Speaking at the CIFPs’s annual national conference in Halifax on Wednesday, Costello said changes to regulation could play only a limited role in fixing the problems in the industry.

“The education of advisors and consumers is the ultimate solution,” Costello said. “Let’s not believe that regulation and oversight will replace the real solution.”

CIFPs supports the adoption of a single national regulator in Canada, but Costello said the effectiveness of a reformed regulatory system depends on its implementation.

He argued that regulations are often developed in a top-down manner, with a focus on products and firms, rather than consumer protection. Education standards should be a key focus of regulations, Costello said.

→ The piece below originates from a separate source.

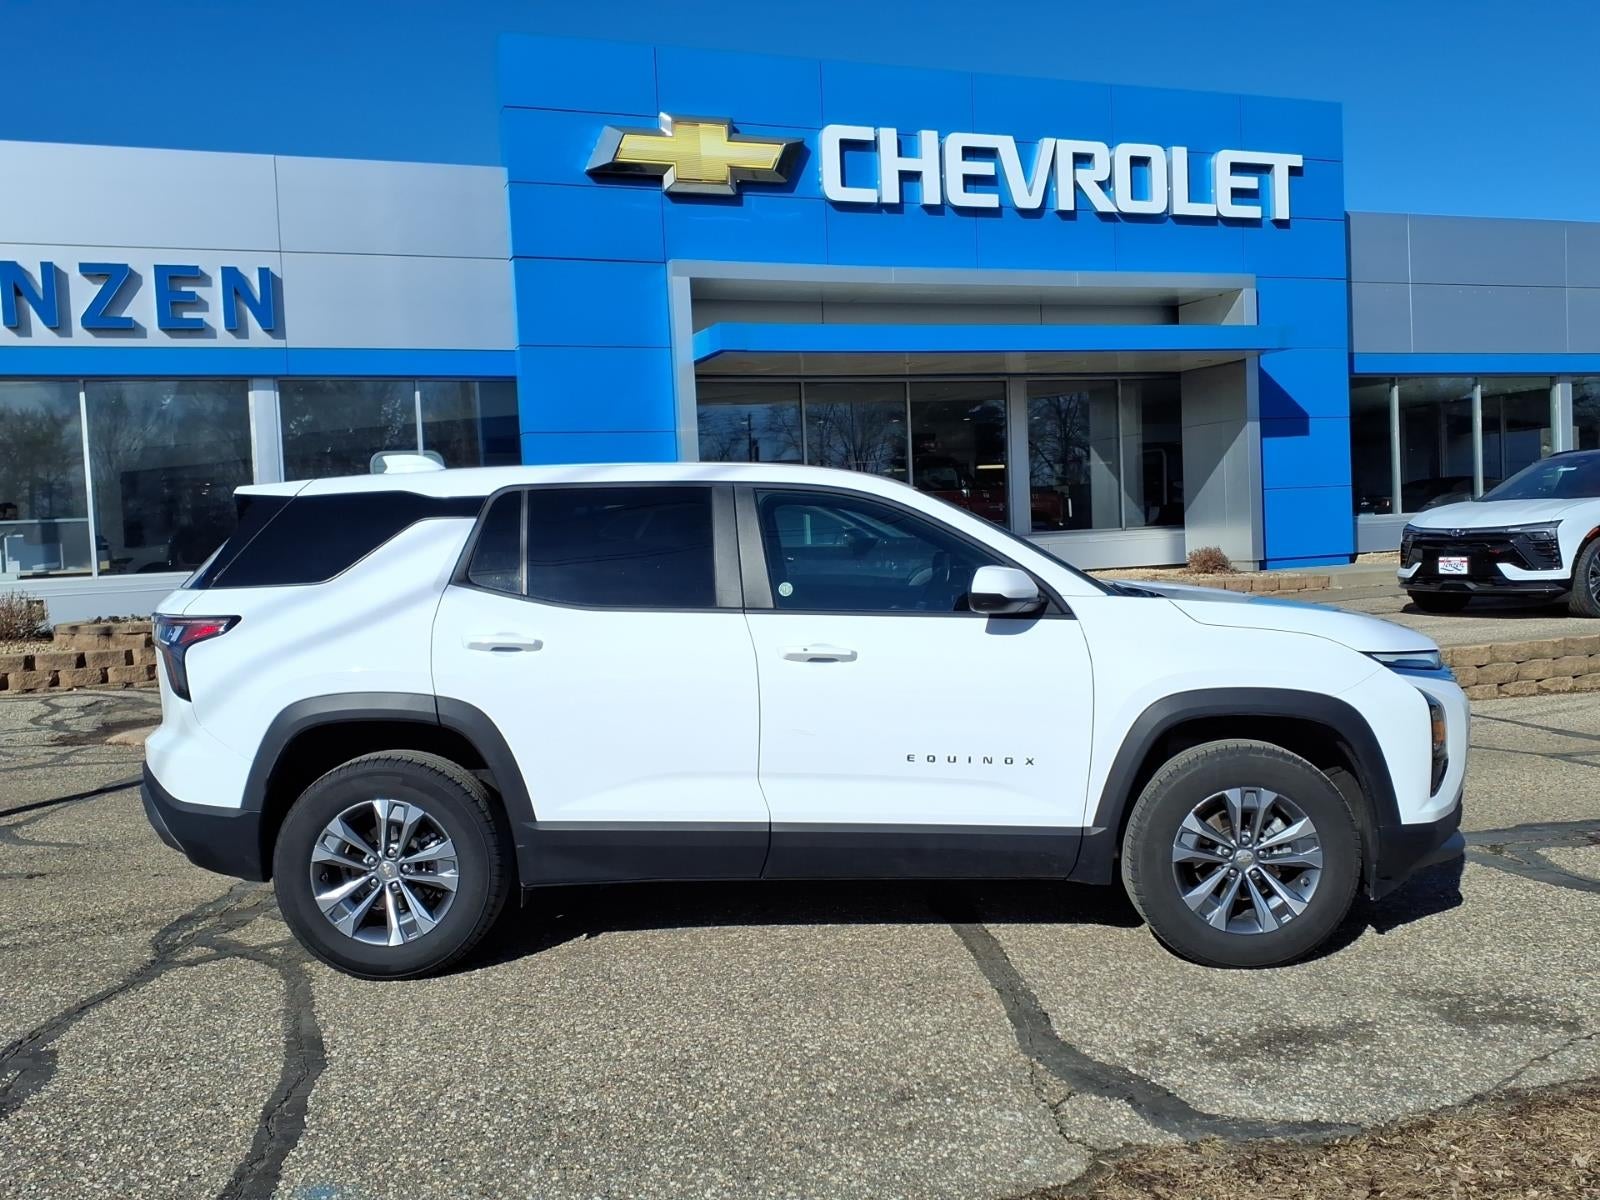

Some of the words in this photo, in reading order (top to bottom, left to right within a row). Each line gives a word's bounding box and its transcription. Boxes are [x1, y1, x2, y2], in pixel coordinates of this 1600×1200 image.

[820, 124, 1304, 220] CHEVROLET
[0, 260, 275, 331] NZEN
[906, 754, 1035, 766] EQUINOX

The financial crisis has presented a rare opportunity to help Canadians realize the importance of financial literacy, he added.

Costello lauded the federal government’s commitment to enhancing financial literacy in the 2009 federal budget. He hopes that education on financial issues will help consumers recognize the importance of having a comprehensive financial plan — and a qualified advisor to design that plan.

By generating this awareness, improved financial literacy will help to bolster the role of financial planning in Canada, Costello said: “Financial planning can only grow organically, with educated planners engaging and educating clients.”